Provides cache-management functionality. FileHandler.root_stm (short-term-memory-dir) and FileHandler.root_ltm (long-term-memory-dir) are static root-directories where each according cache-dir is located. In case someone wants to extract something specific from the cache, the path is usually printed blue & bold in stdout.
Honors ‘TMPDIR’ & ‘TMP’ and ‘SCRATCH’ env-var(s) for STM-disk-cache where ‘TMPDIR’ = ‘TMP’ > ‘SCRATCH’ > /tmp Honors ‘XDG_CACHE_HOME’ env-var(s) for LTM-disk-cache where ‘XDG_CACHE_HOME’ > $HOME/.cache > /tmp Note: Setting env-vars has only an effect if they’re set before importing Karabo.
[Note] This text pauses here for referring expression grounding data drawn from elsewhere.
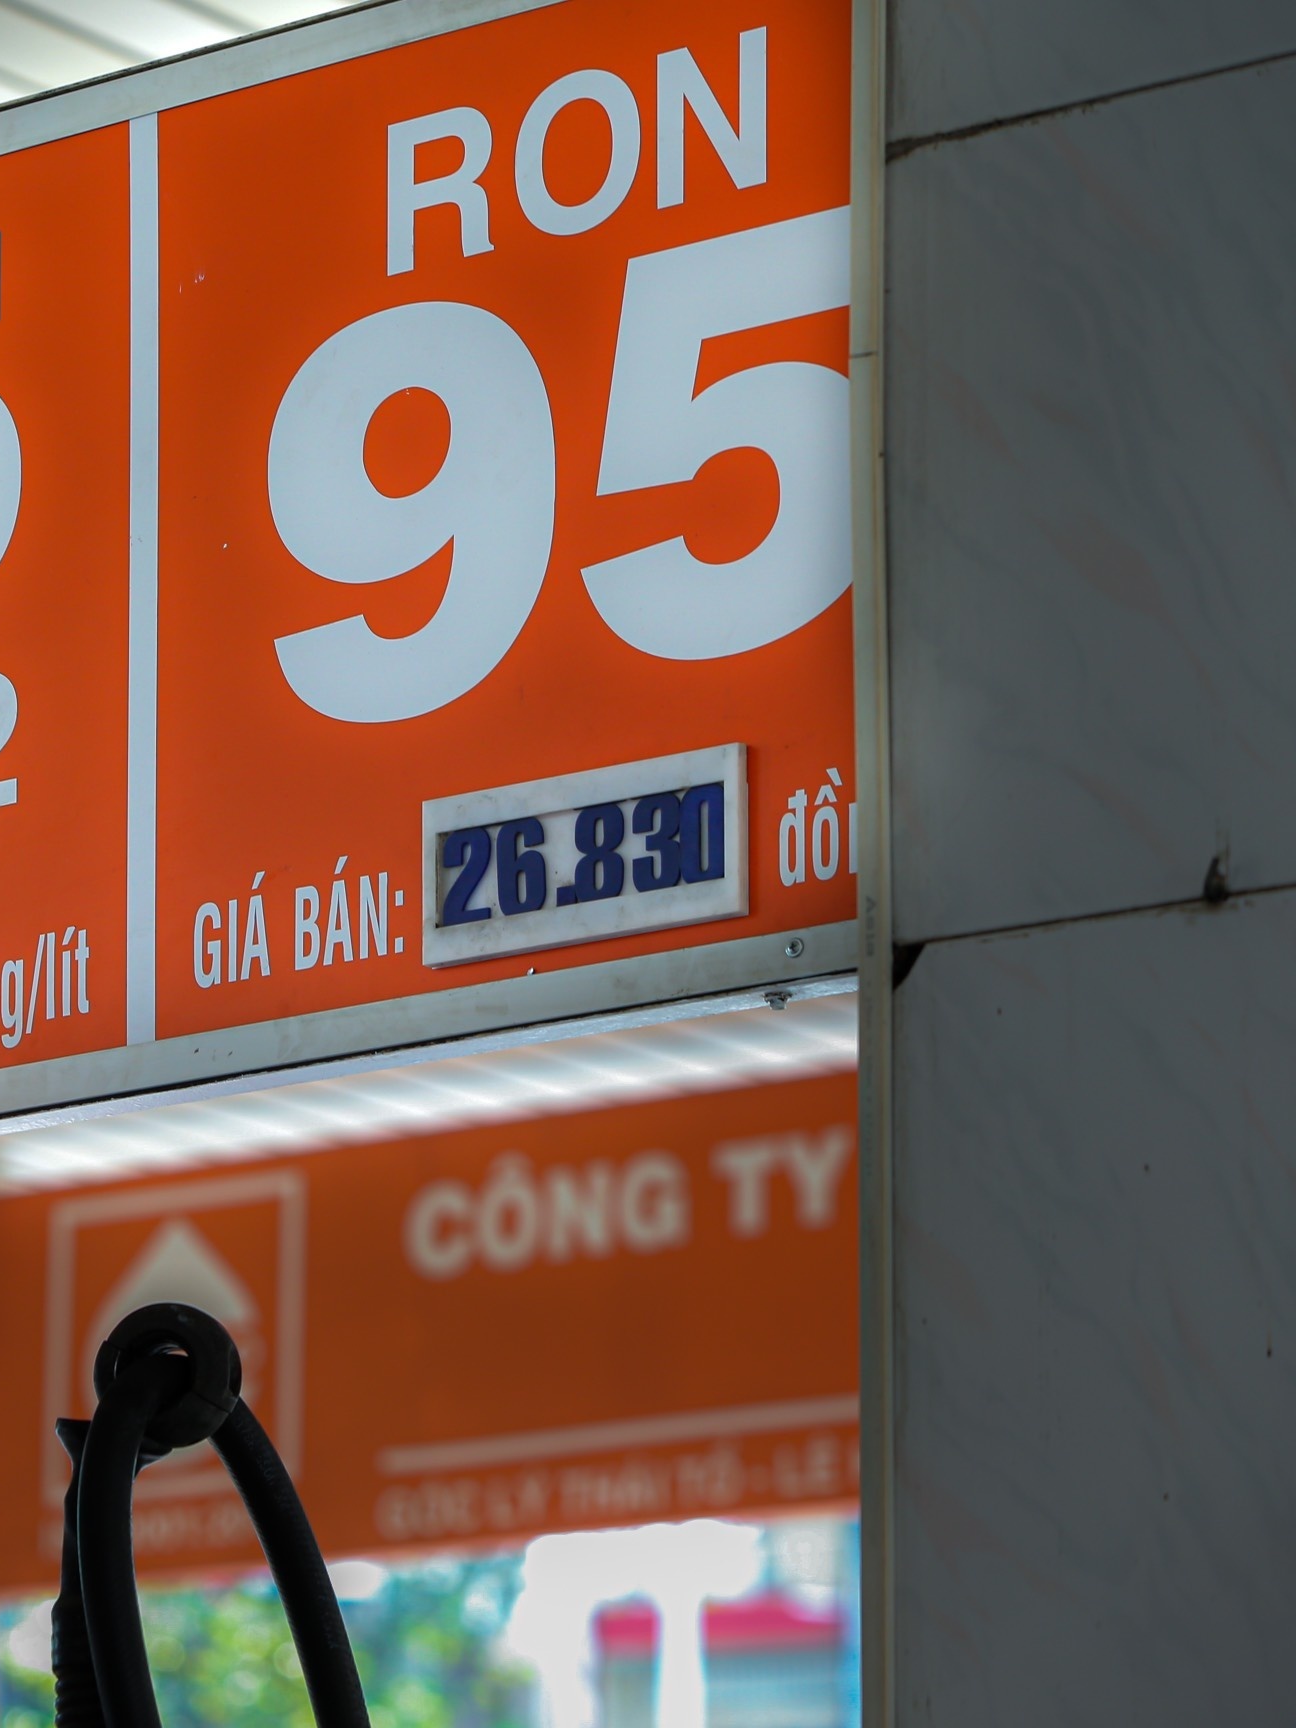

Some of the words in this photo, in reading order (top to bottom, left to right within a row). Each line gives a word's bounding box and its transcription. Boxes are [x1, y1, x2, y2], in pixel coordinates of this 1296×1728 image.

[387, 26, 767, 276] RON
[267, 204, 853, 724] 95
[193, 870, 271, 989] GIÁ
[294, 855, 405, 971] BÁN:
[441, 783, 726, 927] 26.830
[405, 1148, 690, 1281] CÔNG
[715, 1126, 853, 1237] TY
Run-time adjustments must be done directly on root_stm and root_ltm!
The root STM and LTM must be unique per user (seeded rnd chars+digits) to avoid conflicting dir-names on any computer with any root-directory.
LTM-root └── karabo-LTM-<user>-<10 rnd chars+digits>
├── <prefix><10 rnd chars+digits> | ├── <subdir> | └── <file> └── <prefix><10 rnd chars+digits>
├── <subdir> └── <file>
STM-root └── karabo-STM-<user>-<10 rnd chars+digits>
├── <prefix><10 rnd chars+digits> | ├── <subdir> | └── <file> └── <prefix><10 rnd chars+digits>
├── <subdir> └── <file>
FileHandler can be used the same way as tempfile.TemporaryDirectory using with.
- classmethod clean(term: Literal['long', 'short'] = 'short') None
Removes the entire directory specified by term.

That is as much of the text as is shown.